> [WORK ORDER]
Drop the pictures and restate the rest of the listing word for word.

> [RECORDS SHOWN]
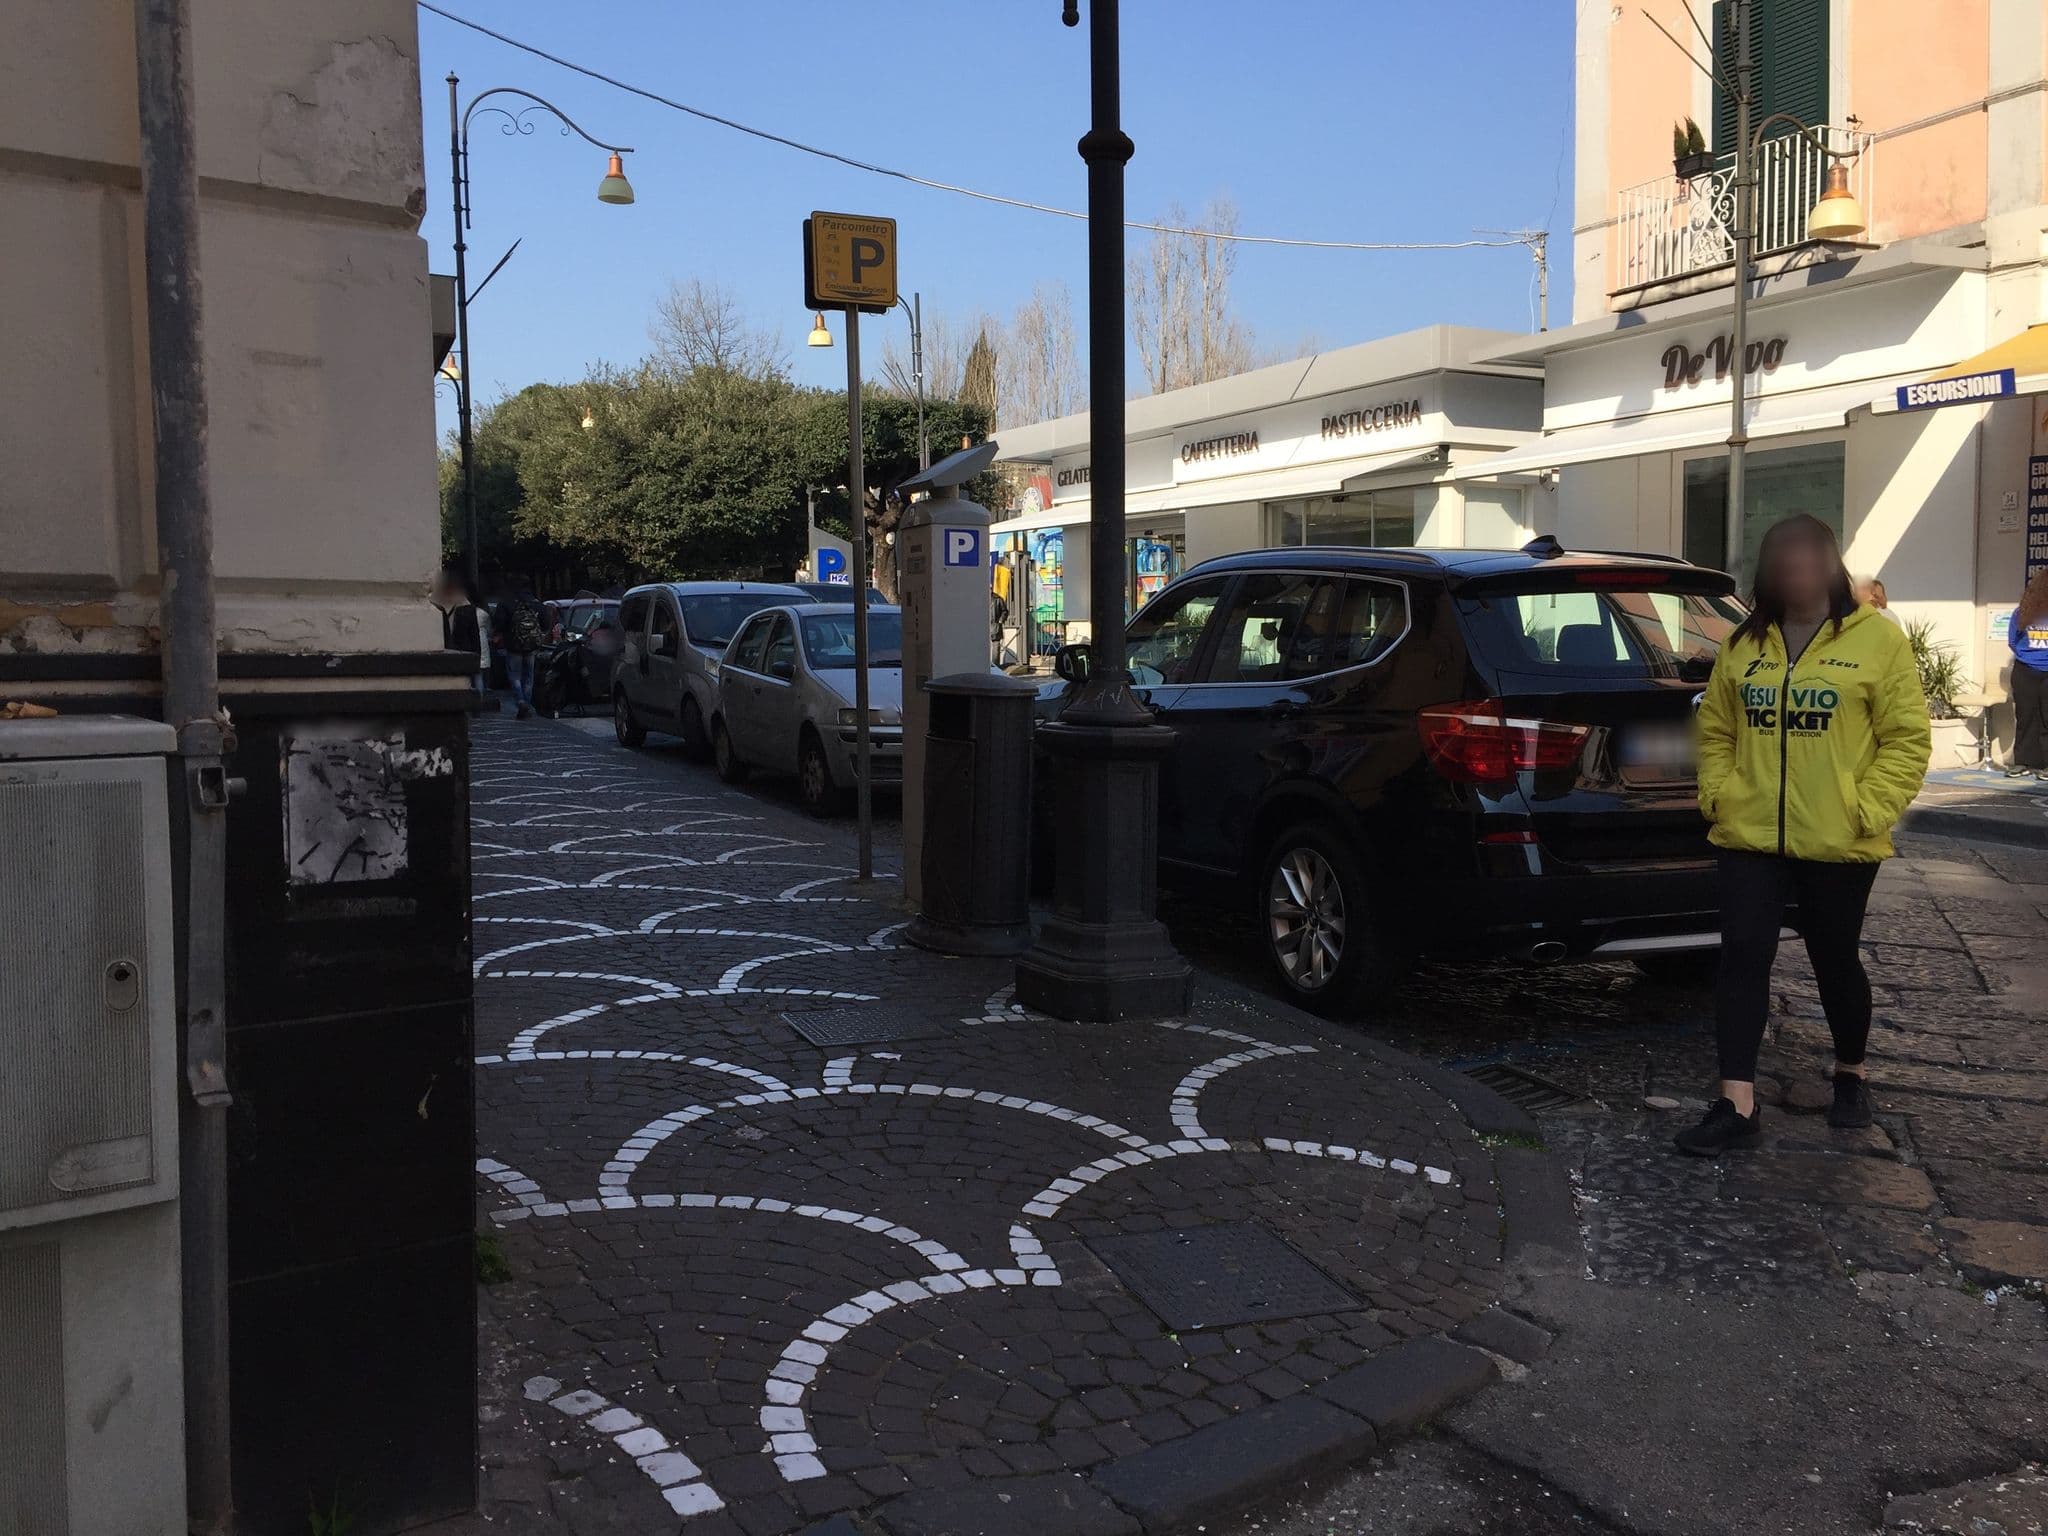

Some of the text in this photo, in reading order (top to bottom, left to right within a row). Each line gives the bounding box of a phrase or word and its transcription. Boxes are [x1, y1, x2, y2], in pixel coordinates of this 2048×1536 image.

[822, 219, 888, 234] Parcometro
[851, 238, 885, 284] P
[1661, 334, 1788, 388] De Vvo
[1907, 374, 2002, 405] ESCURSIONI
[1321, 400, 1422, 438] PASTICCERIA
[1181, 431, 1260, 463] CAFFETTERIA
[949, 532, 975, 563] P
[818, 548, 845, 583] P
[831, 574, 848, 582] H24
[1827, 658, 1860, 669] Zeus
[1790, 730, 1822, 738] STATION
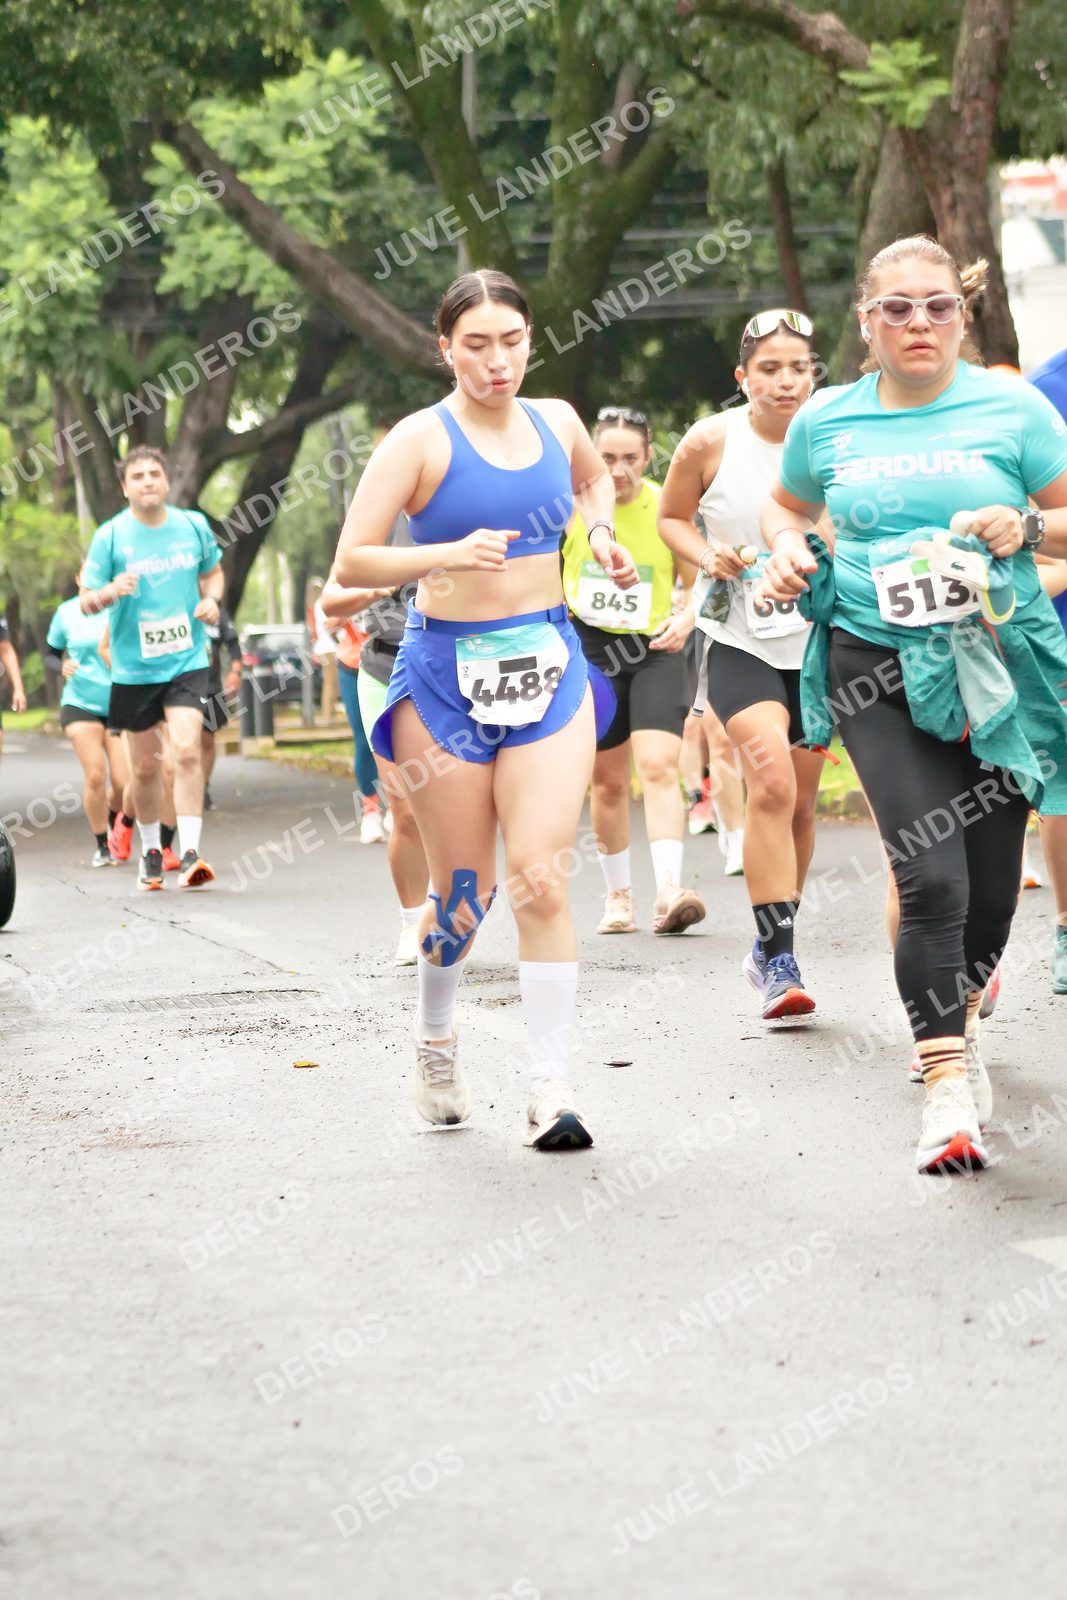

> [PROBLEM SOLUTION]
Some of the text in this photo, in reading order (top to bottom, left to right within a row). Each line gives the bounding box of a phrase or word and its transcription. Boxes are [x1, y1, x2, y2], in pixel coordinates of this 2048×1536 image.

[822, 219, 888, 234] Parcometro
[851, 238, 885, 284] P
[1661, 334, 1788, 388] De Vvo
[1907, 374, 2002, 405] ESCURSIONI
[1321, 400, 1422, 438] PASTICCERIA
[1181, 431, 1260, 463] CAFFETTERIA
[949, 532, 975, 563] P
[818, 548, 845, 583] P
[831, 574, 848, 582] H24
[1827, 658, 1860, 669] Zeus
[1790, 730, 1822, 738] STATION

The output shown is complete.